But the house had been destroyed through the fault of A. What should A now give?

ANS.: A should give all of the following:


(a) the fruits or rentals of the house received from the time the house was given to him to the time of its
loss;

(b) the value of the house at the time of the loss;

(c) interest at 6% per annum on the value of the house from the time the house was destroyed.

1401-The action for annulment of contracts shall be extinguished when the thing which is the object
thereof is lost through the fraud or fault of the person who has a right to institute the proceedings.

If the right of action is based upon the incapacity of any one of the contracting parties, the loss of the
thing shall not be an obstacle to the success of the action, unless said loss took place through the
fraud or fault of the plaintiff.

1402-As long as one of the contracting parties does not restore what in virtue of the decree of
annulment he is bound to return, the other cannot be compelled to comply with what is incumbent
upon him.

Reason Why One Party Cannot Be Compelled if Other Party Does Not Restore

A reciprocal obligation of restitution has been created.

Example

A forced B to take A’s car in exchange for B’s ring. B asked for annulment, and the court gave the decree
of annulment ordering each to return what had been received. B refused to give A the car. May A be
compelled to give back the ring? No.

Effect of Loss Thru Fortuitous Event

Suppose the innocent party cannot restore because of a loss thru a fortuitous event, may he still compel
the other to return what he had given?

ANS.: It would seem that the answer is NO, because before annulment, the contract is valid, and the
innocent party, being the owner of the thing lost by a fortuitous event, must bear the loss. There is
however an exception, and it occurs when he offers to give the value of the thing. (He does not have to
give interest in view of the fortuitous event.) He must be allowed this remedy; otherwise, he would be in
a worse position than one who had destroyed the thing thru his fault. Once he exercises this remedy, he
can recover from the other what has been previously given.

UNENFORCEABLE CONTRACTS
Unenforceable Contracts Distinguished from Voidable and Rescissible Contracts

-Unenforceable contracts cannot be sued upon or enforced unless ratified; thus, it is as if they have no
effect yet. But they may be ratified; hence, they can have in such a case the effect of valid contracts. In
one sense, therefore, they may be called validable.
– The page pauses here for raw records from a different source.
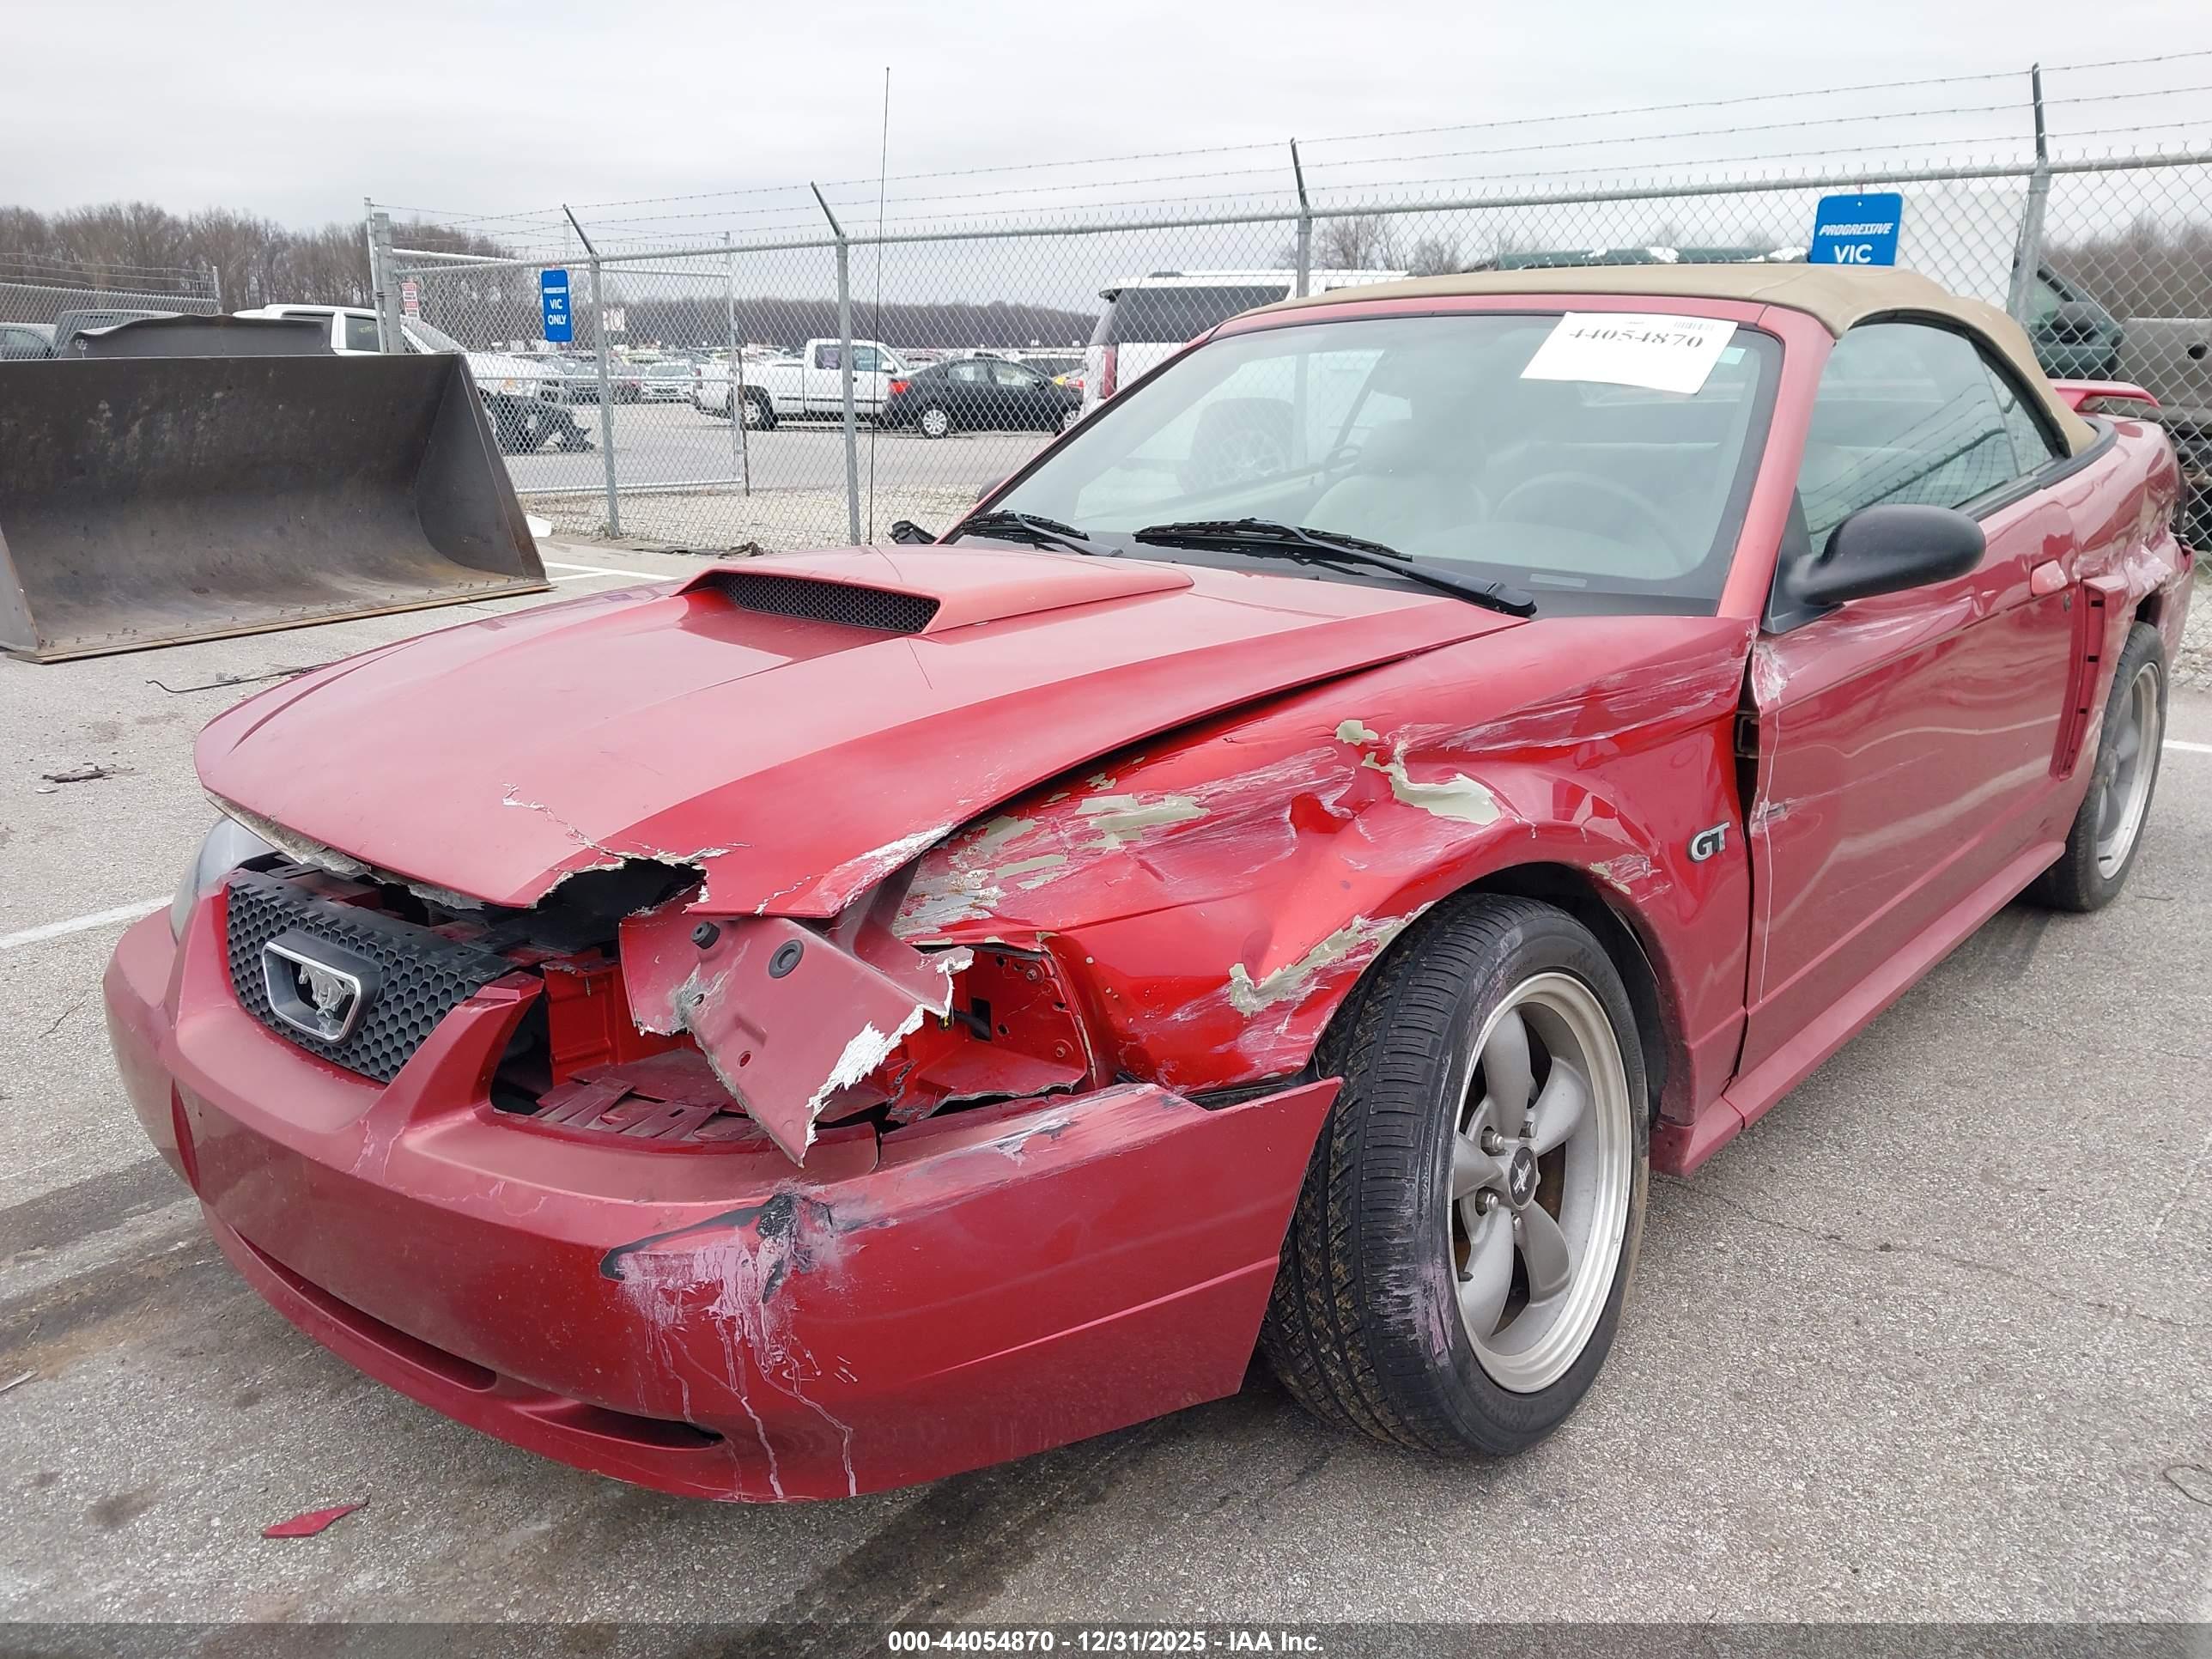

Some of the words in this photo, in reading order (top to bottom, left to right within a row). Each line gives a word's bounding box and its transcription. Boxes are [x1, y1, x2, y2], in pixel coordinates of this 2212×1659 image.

[1819, 222, 1893, 236] PROGRESSIVE
[1834, 244, 1873, 264] VIC
[550, 299, 562, 309] VIC
[547, 314, 566, 325] ONLY
[1570, 328, 1704, 348] 44054870
[1690, 821, 1731, 862] GT
-Voidable and rescissible contracts, upon the other hand, produce legal effects until they are annulled or
rescinded.

-Thus, unenforceable contracts are nearer absolute nullity than the other two.
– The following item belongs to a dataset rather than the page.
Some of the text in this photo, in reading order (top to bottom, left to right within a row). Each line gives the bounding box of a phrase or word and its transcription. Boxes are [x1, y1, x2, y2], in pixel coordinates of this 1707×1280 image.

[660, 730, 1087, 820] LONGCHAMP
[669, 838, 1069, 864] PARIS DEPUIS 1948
Kinds of Unenforceable Contracts

(a) Unauthorized contracts.

(b) Those that fail to comply with the Statute of Frauds.

(c) Those where both parties are incapable of giving consent to a contract.
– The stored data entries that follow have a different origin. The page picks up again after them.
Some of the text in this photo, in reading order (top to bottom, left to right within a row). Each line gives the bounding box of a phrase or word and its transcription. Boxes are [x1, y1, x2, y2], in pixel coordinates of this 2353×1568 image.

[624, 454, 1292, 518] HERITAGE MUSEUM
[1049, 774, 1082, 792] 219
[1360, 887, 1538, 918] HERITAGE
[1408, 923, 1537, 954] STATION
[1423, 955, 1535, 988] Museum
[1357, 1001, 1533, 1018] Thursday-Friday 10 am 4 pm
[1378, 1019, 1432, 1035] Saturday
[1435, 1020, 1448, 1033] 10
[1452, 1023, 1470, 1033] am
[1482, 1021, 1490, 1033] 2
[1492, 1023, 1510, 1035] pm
1403-The following contracts are enforceable, unless they are ratified:

(1) Those entered into in the name of another person by one who has been given no authority or
legal representation, or who has acted beyond his powers

(2) Those that do not comply with the Statute of Frauds as set forth in this number. In the following
cases an agreement hereafter made shall be unenforceable by action, unless the same, or some note
or memorandum thereof, be in writing, and subscribed by the party charged, or by his agent;
evidence, therefore, of the agreement cannot be received without the writing, or a secondary
evidence of its contents:

(a) An agreement that by its terms is not to be performed within a year from the making thereof;

(b) A special promise to answer for the debt, default, or miscarriage of another;

(c) An agreement made in consideration of marriage, other than a mutual promise to marry;

(d) An agreement for the sale of goods, chattels or things in action, at a price not less than five
hundred pesos, unless the buyer accept and receive part of such goods and chattels, or the evidences,
or some of them, of such things in action, or pay at the time some part of the purchase money; but
when a sale is made by auction and entry is made by the auctioneer in his sales book, at the time of
the sale, of the amount and kind of property sold, terms of sale, price, names of the purchasers and
person on whose account the sale is made, it is a sufficient memorandum;
(e) An agreement for the leasing for a longer period than one year, or for the sale of real property or
of an interest therein;

(f) A representation as to the credit of a third person.

(3) Those where both parties are incapable of giving consent to a contract.

Unauthorized Contracts -“those entered into in the name of another person by one who has been given
no authority or legal representation, or who has acted beyond his powers.”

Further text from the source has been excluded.